We used VALORATE instead of the log-rank test or Cox model for gene region screening. Although in our internal records we noted differences with the log-rank test, we did not observe large differences in VALORATE or Cox estimations for these data types, suggesting that a Cox model could also be used instead of VALORATE, simplifying possible implementations.

One of the limitations of our study is that we used TCGA datasets, which are difficult to validate one-to-one because other, similar efforts, such as the International Cancer Genome Consortium (ICGC) data, represent different types of cancer and different survival times. Although the strategy worked in most cancer data used, it needs to be validated in specific cohorts.

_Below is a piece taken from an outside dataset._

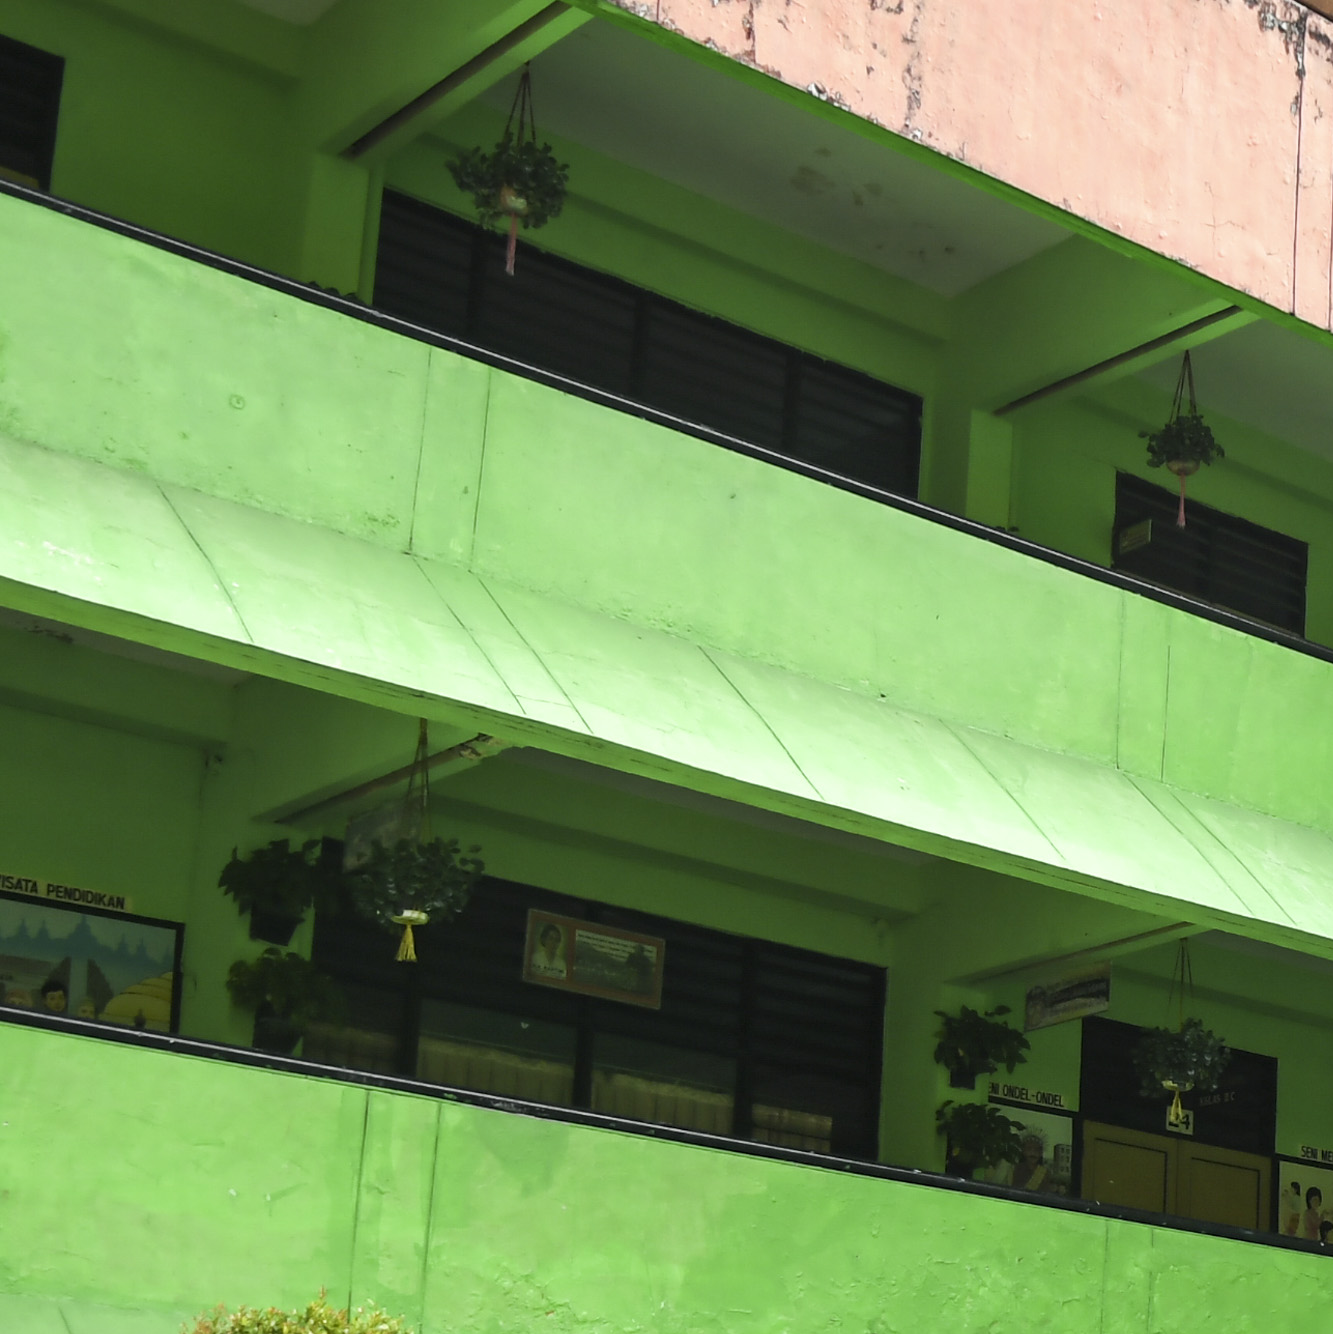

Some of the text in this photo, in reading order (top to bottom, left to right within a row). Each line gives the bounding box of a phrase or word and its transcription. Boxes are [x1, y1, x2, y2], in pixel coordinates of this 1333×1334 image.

[0, 874, 125, 910] ISATA PENDIDIKAN
[1002, 1084, 1064, 1108] ONDEL-ONDEL
[1301, 1145, 1318, 1160] SENI

We performed a stratification analysis of many cancer types (those showing many samples) by splitting the population based on the most reported cofactors. We showed that, in most cases, at least one CNA-derived risk group was significantly associated with risk, independent of other known clinical risk factors. Some risk groups for specific cofactors had a low number of samples, decreasing our statistical power. Nevertheless, in many of these cases, the tendencies were concordant with the original risk assigned by the model. Overall, the generated risk models are largely independent of common clinical risk factors, suggesting that CNA models provide novel biological signals implicated in cancer survival and can contribute essential risk information to clinical practice.

4. Methods

4.1. Copy Number Data

We downloaded TCGA data from Firebrowse (http://firebrowse.org, accessed on 1 December 2020), which is part of the Genomic Data Commons Data Portal (https://portal.gdc.cancer.gov, accessed on 1 December 2023). In particular, we used Clinical and Somatic Copy Number GISTIC 2 Level 4, from now on referred as CNA. Systematically, we used the data from http://gdac.broadinstitute.org/runs/analyses__2016_01_28/data/[CODE]-TP/20160128/gdac.broadinstitute.org_[CODE]-TP.CopyNumber_Gistic2.Level_4.2016012800.0.0.tar.gz, where [CODE] was replaced with the cancer type code. The CNA data were originally obtained by TCGA using microarray technology and preprocessed by GISTIC [18]. We used the data from “all_thresholded_by_genes.txt”. We used single and composited cancer types, bringing together 37 cancer datasets. These datasets are based on 33 cancer types. Nevertheless, some of them merge previously confusing types, such as GBMLGG composed of glioblastoma and low-grade glioma (GBM and LGG), COADREAD composed of colon and rectal adenocarcinomas (COAD and READ), STES composed of stomach and esophagus carcinomas (STAD and ESCA), and KIPAN composed of kidney cancers. Here, we also used these composited datasets for generality. Overall, we analyzed information from approximately 11,000 patients and more than 24,000 CNAs in gene regions.

4.2. Data Preprocessing

The data were already segmented by gene regions, containing the estimated somatic copy number per annotated gene, as determined by GISTIC [18], which corresponded to −2 for homozygous deletion, −1 for heterozygous loss, 0 for diploid, 1 for one copy gain, and 2 for higher-level amplification or multiple-copy gain. Here, the raw values were C = −2, −1, 0, +1, and +2, which corresponded to C = 0 as “normal”, C = −1 as “soft deletion”, C = −2 as “deep deletion”, C = 1 as “soft amplification”, and C = 2 as “deep amplification”. These values were preferred because they represent losses or gains more intuitively. Some studies have used a definition of CNA equivalent to soft [11]. Nevertheless, we also tested an extreme definition, deep, because it may represent genes that need to lose both alleles to become associated or genes that need more copies, impacting gene expression more drastically. We removed gene regions showing low recurrence, C <> 0, for fewer than four patients.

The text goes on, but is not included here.